Learn to design type first, THEN try to help people with dyslexia. Do it the other way round and the results will be tough for everyone.

While I love the designs above, I’ve yet to see anything in a fixed-width font. I, like a number of professionals who write code, am dyslexic, and the hardest thing for me is reading my own code. In case you don’t code, nearly all code is written in fixed width fonts, because vertical-alignment of code is often important to reading and understanding it.

Consolas seems to be the best font I’ve found so far for reading, but it’s not great, and I slow down terribly over numbers.

If you see any fonts out there that design for dyslexia in a fixed-width font I think there are a lot of people out there who would love to know.

You may not have seen it, but there was a fixed width version of the Open Dyslexic font in that font’s link above. Check that out. Your code will look like a 60s rock poster from San Francisco, but there are worse things!

I really like it. I found it very easy to read because of the spacing, and it would be so great if more people realised that it isn’t just about us not being able to read, it has to do with the way our brain works, and that something as simple as making letters different from each other and spacing them out could make it so much easier.
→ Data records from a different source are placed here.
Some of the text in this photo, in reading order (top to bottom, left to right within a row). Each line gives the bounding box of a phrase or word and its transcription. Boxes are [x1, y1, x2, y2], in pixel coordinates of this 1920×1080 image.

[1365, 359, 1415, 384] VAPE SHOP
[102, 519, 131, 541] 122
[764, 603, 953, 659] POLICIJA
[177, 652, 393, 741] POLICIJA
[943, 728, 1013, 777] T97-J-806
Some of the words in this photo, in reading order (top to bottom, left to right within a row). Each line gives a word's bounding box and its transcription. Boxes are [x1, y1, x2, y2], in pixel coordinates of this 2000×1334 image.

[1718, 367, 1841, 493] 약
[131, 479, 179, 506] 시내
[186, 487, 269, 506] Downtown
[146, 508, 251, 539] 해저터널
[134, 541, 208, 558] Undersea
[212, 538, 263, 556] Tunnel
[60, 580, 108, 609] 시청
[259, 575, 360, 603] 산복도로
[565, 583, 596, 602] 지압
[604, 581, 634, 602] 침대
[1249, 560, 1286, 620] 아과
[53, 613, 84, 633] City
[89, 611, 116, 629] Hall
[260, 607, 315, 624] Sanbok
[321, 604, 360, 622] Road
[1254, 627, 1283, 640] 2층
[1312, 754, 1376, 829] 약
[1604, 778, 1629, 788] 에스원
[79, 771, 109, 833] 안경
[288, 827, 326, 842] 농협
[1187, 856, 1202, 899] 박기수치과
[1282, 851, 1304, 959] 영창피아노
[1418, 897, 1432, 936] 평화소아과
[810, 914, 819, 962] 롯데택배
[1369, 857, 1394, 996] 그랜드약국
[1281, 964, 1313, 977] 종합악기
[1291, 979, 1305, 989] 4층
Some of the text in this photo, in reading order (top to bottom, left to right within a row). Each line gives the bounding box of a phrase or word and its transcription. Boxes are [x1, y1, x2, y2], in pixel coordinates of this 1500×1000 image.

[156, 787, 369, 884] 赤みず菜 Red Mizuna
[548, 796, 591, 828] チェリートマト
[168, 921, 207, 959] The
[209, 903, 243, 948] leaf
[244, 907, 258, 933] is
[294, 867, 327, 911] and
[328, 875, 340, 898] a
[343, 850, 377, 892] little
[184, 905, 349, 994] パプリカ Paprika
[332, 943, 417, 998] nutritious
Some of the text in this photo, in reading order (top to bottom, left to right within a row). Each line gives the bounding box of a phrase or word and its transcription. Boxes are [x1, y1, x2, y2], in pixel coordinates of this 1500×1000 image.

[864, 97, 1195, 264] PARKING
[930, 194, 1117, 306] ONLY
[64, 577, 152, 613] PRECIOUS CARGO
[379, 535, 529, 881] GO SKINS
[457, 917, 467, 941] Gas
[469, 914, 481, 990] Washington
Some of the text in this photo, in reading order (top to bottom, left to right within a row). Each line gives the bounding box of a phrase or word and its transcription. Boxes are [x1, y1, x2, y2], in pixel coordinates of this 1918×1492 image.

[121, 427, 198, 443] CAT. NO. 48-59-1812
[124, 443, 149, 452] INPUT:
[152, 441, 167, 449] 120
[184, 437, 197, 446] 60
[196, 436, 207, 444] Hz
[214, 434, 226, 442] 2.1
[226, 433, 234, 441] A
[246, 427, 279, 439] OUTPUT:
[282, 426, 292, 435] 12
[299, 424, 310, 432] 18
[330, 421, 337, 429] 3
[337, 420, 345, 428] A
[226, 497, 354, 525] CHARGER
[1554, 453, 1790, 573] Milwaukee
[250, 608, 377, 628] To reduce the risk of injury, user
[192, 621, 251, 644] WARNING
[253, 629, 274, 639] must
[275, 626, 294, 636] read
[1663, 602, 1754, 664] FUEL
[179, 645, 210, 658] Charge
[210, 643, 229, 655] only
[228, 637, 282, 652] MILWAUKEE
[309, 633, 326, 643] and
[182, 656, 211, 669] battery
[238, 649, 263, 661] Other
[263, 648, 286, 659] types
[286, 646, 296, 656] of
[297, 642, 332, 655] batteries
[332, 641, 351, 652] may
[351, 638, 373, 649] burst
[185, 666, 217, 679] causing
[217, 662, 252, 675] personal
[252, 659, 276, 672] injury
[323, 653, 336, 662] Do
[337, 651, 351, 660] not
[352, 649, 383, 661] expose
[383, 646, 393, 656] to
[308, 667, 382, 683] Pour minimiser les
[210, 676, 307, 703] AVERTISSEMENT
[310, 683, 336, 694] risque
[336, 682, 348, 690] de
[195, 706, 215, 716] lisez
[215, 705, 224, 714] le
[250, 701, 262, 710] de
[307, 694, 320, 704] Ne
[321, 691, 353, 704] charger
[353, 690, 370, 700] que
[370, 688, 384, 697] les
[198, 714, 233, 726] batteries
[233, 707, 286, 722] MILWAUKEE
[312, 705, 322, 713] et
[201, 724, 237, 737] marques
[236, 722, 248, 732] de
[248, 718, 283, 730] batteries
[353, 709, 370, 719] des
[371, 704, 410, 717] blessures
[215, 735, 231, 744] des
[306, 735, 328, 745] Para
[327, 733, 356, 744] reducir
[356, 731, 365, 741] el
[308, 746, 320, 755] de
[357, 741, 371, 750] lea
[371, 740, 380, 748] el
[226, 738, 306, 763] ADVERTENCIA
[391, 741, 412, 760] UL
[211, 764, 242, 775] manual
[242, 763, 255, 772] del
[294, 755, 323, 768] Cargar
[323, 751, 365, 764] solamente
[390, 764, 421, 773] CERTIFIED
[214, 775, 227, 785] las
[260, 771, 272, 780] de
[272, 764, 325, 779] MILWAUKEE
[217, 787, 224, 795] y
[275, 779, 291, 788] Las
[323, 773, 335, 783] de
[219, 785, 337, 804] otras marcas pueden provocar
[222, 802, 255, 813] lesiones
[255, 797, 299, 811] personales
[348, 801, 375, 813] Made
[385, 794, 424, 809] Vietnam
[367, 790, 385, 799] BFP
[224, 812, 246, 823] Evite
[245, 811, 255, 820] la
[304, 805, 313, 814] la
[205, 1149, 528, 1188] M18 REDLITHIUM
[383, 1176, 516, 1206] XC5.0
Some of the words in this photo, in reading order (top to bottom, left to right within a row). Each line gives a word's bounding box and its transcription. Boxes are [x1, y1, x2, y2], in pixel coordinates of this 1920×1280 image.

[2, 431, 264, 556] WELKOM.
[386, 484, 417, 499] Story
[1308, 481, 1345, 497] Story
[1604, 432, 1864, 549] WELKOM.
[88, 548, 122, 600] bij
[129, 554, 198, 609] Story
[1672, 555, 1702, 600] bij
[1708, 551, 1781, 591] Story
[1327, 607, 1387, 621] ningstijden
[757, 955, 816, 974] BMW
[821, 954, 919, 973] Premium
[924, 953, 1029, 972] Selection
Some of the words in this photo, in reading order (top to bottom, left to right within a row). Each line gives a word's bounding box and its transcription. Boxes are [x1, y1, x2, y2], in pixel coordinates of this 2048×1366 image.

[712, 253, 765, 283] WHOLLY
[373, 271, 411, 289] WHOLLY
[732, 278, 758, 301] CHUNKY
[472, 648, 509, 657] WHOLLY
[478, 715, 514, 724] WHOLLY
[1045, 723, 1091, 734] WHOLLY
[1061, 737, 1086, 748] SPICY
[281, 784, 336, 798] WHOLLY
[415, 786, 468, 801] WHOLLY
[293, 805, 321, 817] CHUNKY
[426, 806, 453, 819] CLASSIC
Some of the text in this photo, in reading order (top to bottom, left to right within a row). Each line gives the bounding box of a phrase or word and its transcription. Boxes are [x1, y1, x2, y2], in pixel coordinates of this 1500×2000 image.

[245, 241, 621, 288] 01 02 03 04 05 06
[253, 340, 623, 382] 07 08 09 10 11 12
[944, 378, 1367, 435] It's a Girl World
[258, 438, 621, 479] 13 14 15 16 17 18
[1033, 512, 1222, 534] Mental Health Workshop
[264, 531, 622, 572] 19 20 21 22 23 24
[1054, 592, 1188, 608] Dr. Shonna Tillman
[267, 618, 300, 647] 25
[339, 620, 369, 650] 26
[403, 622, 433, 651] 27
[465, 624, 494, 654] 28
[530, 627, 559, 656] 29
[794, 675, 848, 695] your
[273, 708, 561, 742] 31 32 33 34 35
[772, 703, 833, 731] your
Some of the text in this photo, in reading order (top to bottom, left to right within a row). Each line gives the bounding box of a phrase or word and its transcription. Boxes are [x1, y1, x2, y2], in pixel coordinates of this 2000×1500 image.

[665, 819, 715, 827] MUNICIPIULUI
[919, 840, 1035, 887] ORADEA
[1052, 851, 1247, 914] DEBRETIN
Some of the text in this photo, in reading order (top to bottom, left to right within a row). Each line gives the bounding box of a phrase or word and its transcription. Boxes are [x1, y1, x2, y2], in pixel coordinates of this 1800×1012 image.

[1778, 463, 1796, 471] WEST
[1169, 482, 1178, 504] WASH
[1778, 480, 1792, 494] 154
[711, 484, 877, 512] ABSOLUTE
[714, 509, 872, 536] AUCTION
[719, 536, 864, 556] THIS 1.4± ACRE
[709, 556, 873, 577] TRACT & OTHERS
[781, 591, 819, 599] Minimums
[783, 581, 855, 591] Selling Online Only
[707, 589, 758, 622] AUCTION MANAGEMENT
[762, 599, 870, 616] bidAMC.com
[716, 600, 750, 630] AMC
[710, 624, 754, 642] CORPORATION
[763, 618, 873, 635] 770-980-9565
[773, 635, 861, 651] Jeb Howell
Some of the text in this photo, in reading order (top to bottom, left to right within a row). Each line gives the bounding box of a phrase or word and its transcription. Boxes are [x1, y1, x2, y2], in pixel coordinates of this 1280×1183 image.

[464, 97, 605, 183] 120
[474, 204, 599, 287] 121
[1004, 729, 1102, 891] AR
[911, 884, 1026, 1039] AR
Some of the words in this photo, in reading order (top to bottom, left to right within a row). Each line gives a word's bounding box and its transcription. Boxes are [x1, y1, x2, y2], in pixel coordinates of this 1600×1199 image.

I will be shocked if everyone ever realises that it isn’t always the same with every dyslexic, and that people can’t just fix it by shoving different colour piece of paper in front of you for a test but instead print it in a typeface like this.

A friend of mine is dyslexic and I know he’s mentioned the issues you’ve mentioned above.
It’s interesting to see the efforts being made to combat such issues.

I 100% agree with the statement “Learn to design type first, THEN try to help people with dyslexia. Do it the other way round and the results will be tough for everyone.”

I would like to follow the progress of this and see where will implement it.

I too noticed the letter “D” was missing!